Abstract
Acetic acid is an organic acid available in concentrations from 2 to 80%. Whilst lower concentrations of 2–6% are more commonly used as the table top condiment, vinegar, much stronger solutions are regularly used in Eastern Europe as food preservatives and cleaning solutions. Oral ingestion of greater than 12% has been reported to cause haemolysis, renal failure, shock and death. Most reported cases of deliberate or accidental poisoning are from Russia and Eastern Europe in the 1980s, with very little currently in western publications. We present the case of a female patient who attempted suicide by drinking 250 ml of 70% acetic acid. Her widespread gastrointestinal injuries were managed conservatively, and despite suffering extensive upper airway and renal complications, she was successfully decannulated and discharged home after a prolonged intensive care and hospital stay.
Case
A 59-year-old female was admitted to the intensive care unit (ICU) after deliberately ingesting 250 ml of 70% acetic acid.
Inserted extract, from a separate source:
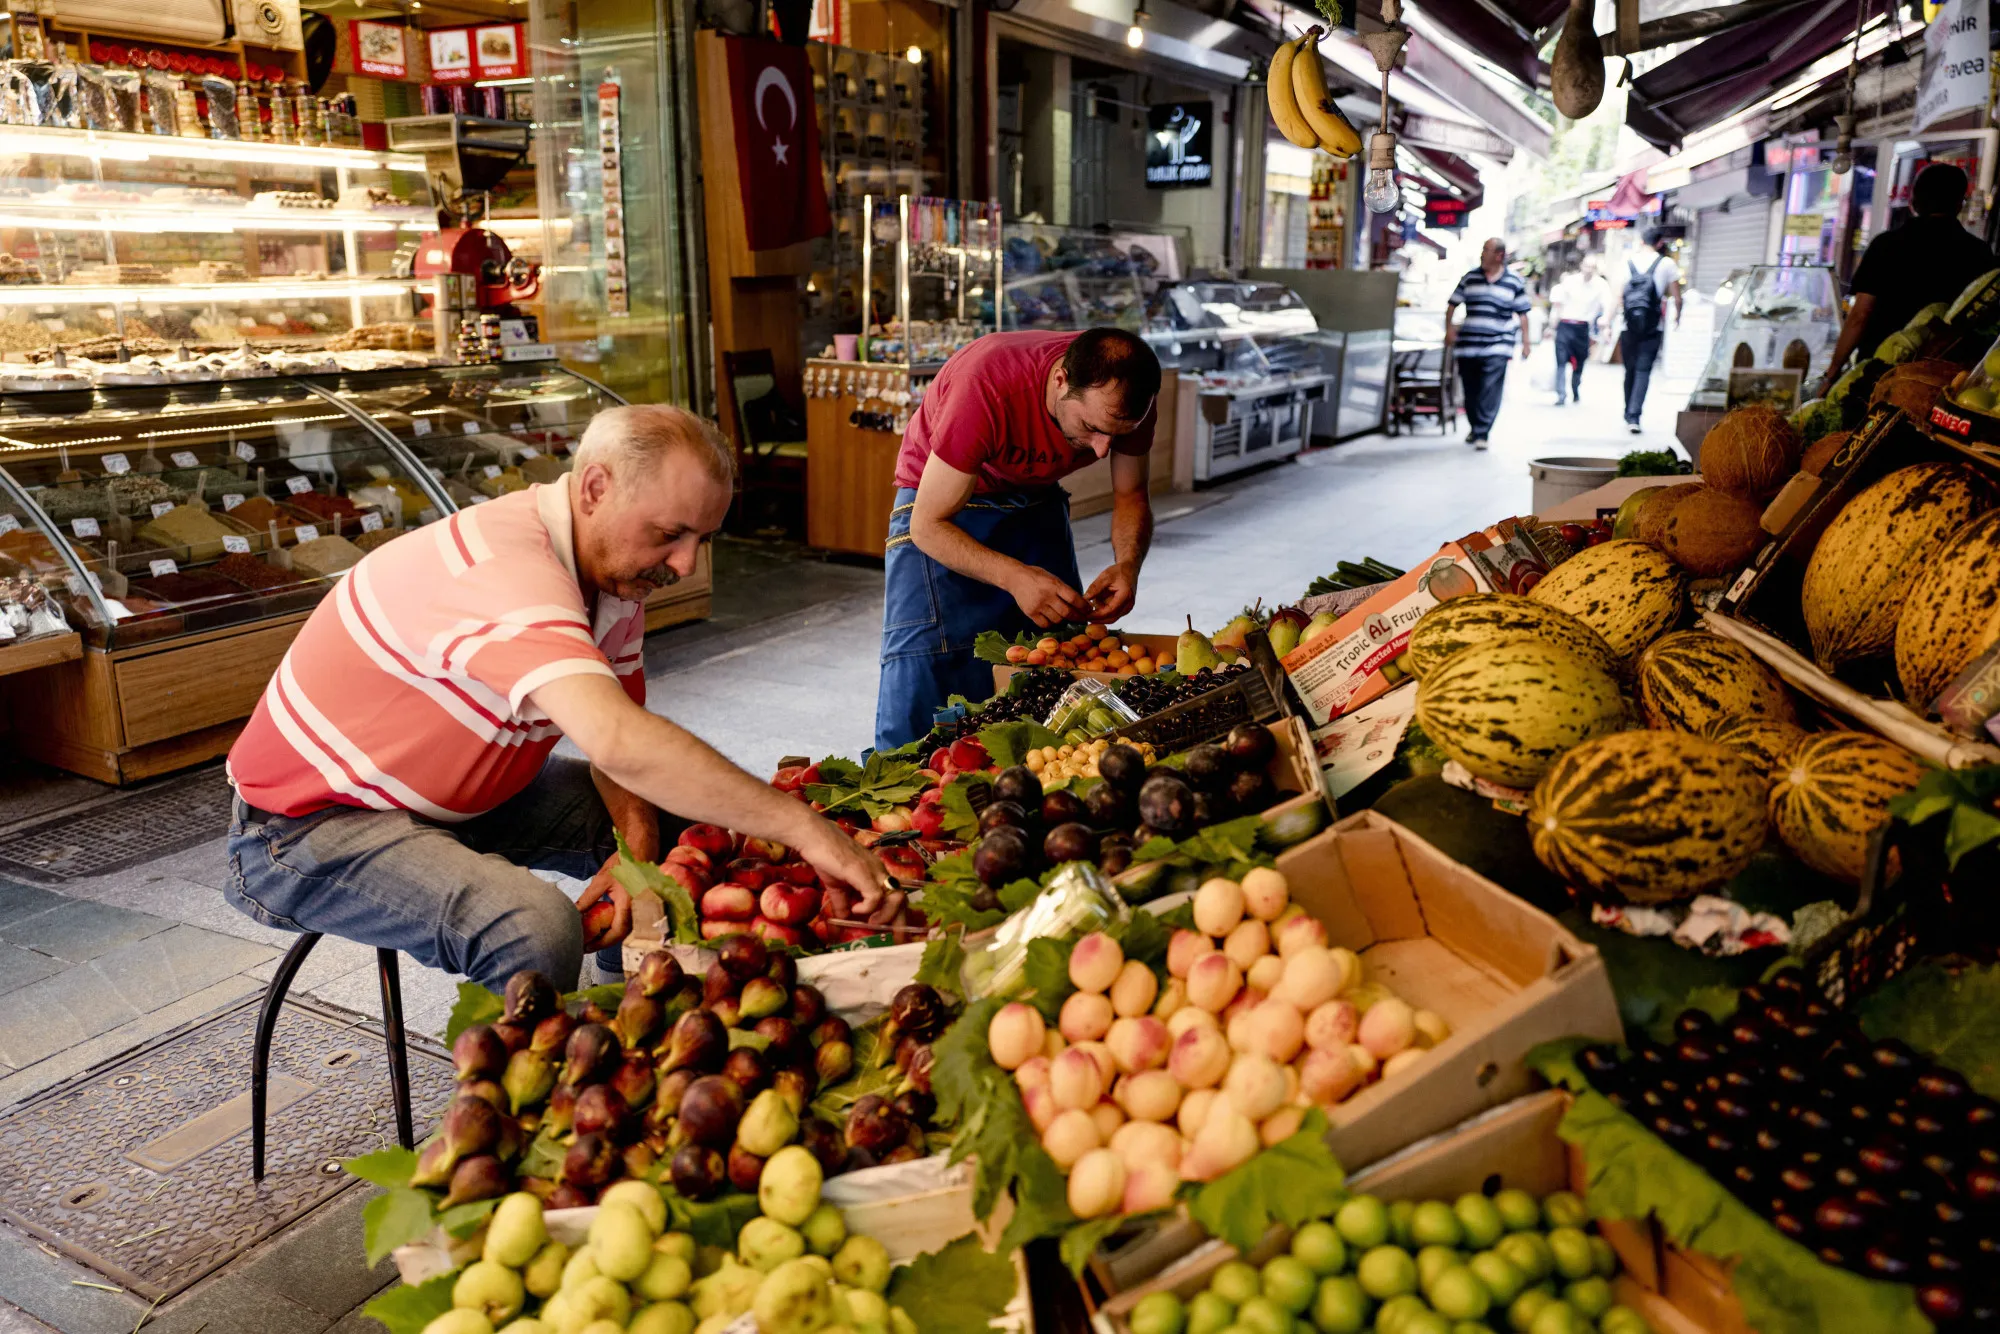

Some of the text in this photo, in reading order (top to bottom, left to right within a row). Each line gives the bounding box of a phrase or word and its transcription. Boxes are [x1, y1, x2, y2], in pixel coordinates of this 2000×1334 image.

She had presented to the accident and emergency department stridulous, tachycardic (HR: 115 BP: 108/58), with a Glasgow Coma Scale (GCS) of 15 and was acidaemic (pH 7.2, base excess −10, lactate: 4.9 mmol/l). Direct nasendoscopy was performed which revealed swollen laryngeal structures, with haemorrhagic and sloughy looking arytenoid cartilages. She was brought to theatre for intubation where a Grade IIb view was obtained.
She was initially resuscitated using the advance life support (ALS) algorithm with intravenous fluids and small qualities of vasopressor to target a mean arterial pressure (MAP) >70 mmHg to aid renal and gastric perfusion.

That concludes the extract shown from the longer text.